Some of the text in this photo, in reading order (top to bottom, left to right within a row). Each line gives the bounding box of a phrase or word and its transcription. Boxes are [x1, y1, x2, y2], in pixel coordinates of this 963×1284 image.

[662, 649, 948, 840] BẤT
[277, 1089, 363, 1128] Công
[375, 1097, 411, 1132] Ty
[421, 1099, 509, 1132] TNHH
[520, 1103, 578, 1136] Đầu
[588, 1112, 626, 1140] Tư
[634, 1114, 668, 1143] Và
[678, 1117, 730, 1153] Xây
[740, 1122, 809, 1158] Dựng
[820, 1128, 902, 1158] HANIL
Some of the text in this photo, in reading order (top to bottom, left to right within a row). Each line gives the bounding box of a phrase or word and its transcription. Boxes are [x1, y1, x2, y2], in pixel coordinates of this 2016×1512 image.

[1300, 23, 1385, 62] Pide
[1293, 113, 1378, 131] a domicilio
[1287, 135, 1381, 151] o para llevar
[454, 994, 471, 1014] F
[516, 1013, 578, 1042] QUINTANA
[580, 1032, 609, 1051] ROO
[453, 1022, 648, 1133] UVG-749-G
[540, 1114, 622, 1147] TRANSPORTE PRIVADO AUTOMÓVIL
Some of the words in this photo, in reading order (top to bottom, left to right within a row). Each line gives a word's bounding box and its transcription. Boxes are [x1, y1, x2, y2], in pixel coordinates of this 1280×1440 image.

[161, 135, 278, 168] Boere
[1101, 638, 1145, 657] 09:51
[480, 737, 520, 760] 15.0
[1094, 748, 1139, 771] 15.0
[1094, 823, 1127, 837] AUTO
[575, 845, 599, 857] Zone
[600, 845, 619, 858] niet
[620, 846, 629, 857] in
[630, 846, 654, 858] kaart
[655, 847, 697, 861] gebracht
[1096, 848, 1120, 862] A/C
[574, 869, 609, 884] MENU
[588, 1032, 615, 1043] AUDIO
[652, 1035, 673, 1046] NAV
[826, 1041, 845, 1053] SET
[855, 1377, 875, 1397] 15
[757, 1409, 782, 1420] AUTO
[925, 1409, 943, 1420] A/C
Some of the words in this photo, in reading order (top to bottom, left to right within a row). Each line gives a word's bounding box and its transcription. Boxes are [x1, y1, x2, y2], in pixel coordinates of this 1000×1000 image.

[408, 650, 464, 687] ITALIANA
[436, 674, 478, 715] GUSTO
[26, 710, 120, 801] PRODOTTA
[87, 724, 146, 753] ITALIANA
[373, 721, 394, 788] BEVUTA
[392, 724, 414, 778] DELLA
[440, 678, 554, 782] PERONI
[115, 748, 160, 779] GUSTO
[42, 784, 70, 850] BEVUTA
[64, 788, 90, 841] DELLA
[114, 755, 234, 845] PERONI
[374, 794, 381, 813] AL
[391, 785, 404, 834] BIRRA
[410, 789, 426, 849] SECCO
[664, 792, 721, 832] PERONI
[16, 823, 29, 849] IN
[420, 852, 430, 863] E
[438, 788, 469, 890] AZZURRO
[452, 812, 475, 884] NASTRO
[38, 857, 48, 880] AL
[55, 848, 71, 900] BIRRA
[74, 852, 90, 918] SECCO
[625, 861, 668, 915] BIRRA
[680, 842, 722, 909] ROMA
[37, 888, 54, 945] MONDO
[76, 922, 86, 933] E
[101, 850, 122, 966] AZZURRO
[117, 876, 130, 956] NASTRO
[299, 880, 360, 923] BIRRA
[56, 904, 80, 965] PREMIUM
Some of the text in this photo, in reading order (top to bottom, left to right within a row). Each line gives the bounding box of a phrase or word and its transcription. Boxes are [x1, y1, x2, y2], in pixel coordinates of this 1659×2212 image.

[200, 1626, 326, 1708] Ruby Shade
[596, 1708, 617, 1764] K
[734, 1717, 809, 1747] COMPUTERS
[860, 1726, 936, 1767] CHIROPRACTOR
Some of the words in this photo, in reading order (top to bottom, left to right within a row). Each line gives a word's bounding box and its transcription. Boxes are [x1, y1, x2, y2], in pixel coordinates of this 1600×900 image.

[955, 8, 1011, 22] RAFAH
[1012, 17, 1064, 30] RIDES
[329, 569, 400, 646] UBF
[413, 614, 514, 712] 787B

-- TASK REQUIREMENTS --
The material is to be written out again in full, with no word altered.

-- EXPECTED ANSWER --
Some of the text in this photo, in reading order (top to bottom, left to right within a row). Each line gives the bounding box of a phrase or word and its transcription. Boxes are [x1, y1, x2, y2], in pixel coordinates of this 963×1284 image.

[662, 649, 948, 840] BẤT
[277, 1089, 363, 1128] Công
[375, 1097, 411, 1132] Ty
[421, 1099, 509, 1132] TNHH
[520, 1103, 578, 1136] Đầu
[588, 1112, 626, 1140] Tư
[634, 1114, 668, 1143] Và
[678, 1117, 730, 1153] Xây
[740, 1122, 809, 1158] Dựng
[820, 1128, 902, 1158] HANIL
Some of the text in this photo, in reading order (top to bottom, left to right within a row). Each line gives the bounding box of a phrase or word and its transcription. Boxes are [x1, y1, x2, y2], in pixel coordinates of this 2016×1512 image.

[1300, 23, 1385, 62] Pide
[1293, 113, 1378, 131] a domicilio
[1287, 135, 1381, 151] o para llevar
[454, 994, 471, 1014] F
[516, 1013, 578, 1042] QUINTANA
[580, 1032, 609, 1051] ROO
[453, 1022, 648, 1133] UVG-749-G
[540, 1114, 622, 1147] TRANSPORTE PRIVADO AUTOMÓVIL
Some of the words in this photo, in reading order (top to bottom, left to right within a row). Each line gives a word's bounding box and its transcription. Boxes are [x1, y1, x2, y2], in pixel coordinates of this 1280×1440 image.

[161, 135, 278, 168] Boere
[1101, 638, 1145, 657] 09:51
[480, 737, 520, 760] 15.0
[1094, 748, 1139, 771] 15.0
[1094, 823, 1127, 837] AUTO
[575, 845, 599, 857] Zone
[600, 845, 619, 858] niet
[620, 846, 629, 857] in
[630, 846, 654, 858] kaart
[655, 847, 697, 861] gebracht
[1096, 848, 1120, 862] A/C
[574, 869, 609, 884] MENU
[588, 1032, 615, 1043] AUDIO
[652, 1035, 673, 1046] NAV
[826, 1041, 845, 1053] SET
[855, 1377, 875, 1397] 15
[757, 1409, 782, 1420] AUTO
[925, 1409, 943, 1420] A/C
Some of the words in this photo, in reading order (top to bottom, left to right within a row). Each line gives a word's bounding box and its transcription. Boxes are [x1, y1, x2, y2], in pixel coordinates of this 1000×1000 image.

[408, 650, 464, 687] ITALIANA
[436, 674, 478, 715] GUSTO
[26, 710, 120, 801] PRODOTTA
[87, 724, 146, 753] ITALIANA
[373, 721, 394, 788] BEVUTA
[392, 724, 414, 778] DELLA
[440, 678, 554, 782] PERONI
[115, 748, 160, 779] GUSTO
[42, 784, 70, 850] BEVUTA
[64, 788, 90, 841] DELLA
[114, 755, 234, 845] PERONI
[374, 794, 381, 813] AL
[391, 785, 404, 834] BIRRA
[410, 789, 426, 849] SECCO
[664, 792, 721, 832] PERONI
[16, 823, 29, 849] IN
[420, 852, 430, 863] E
[438, 788, 469, 890] AZZURRO
[452, 812, 475, 884] NASTRO
[38, 857, 48, 880] AL
[55, 848, 71, 900] BIRRA
[74, 852, 90, 918] SECCO
[625, 861, 668, 915] BIRRA
[680, 842, 722, 909] ROMA
[37, 888, 54, 945] MONDO
[76, 922, 86, 933] E
[101, 850, 122, 966] AZZURRO
[117, 876, 130, 956] NASTRO
[299, 880, 360, 923] BIRRA
[56, 904, 80, 965] PREMIUM
Some of the text in this photo, in reading order (top to bottom, left to right within a row). Each line gives the bounding box of a phrase or word and its transcription. Boxes are [x1, y1, x2, y2], in pixel coordinates of this 1659×2212 image.

[200, 1626, 326, 1708] Ruby Shade
[596, 1708, 617, 1764] K
[734, 1717, 809, 1747] COMPUTERS
[860, 1726, 936, 1767] CHIROPRACTOR
Some of the words in this photo, in reading order (top to bottom, left to right within a row). Each line gives a word's bounding box and its transcription. Boxes are [x1, y1, x2, y2], in pixel coordinates of this 1600×900 image.

[955, 8, 1011, 22] RAFAH
[1012, 17, 1064, 30] RIDES
[329, 569, 400, 646] UBF
[413, 614, 514, 712] 787B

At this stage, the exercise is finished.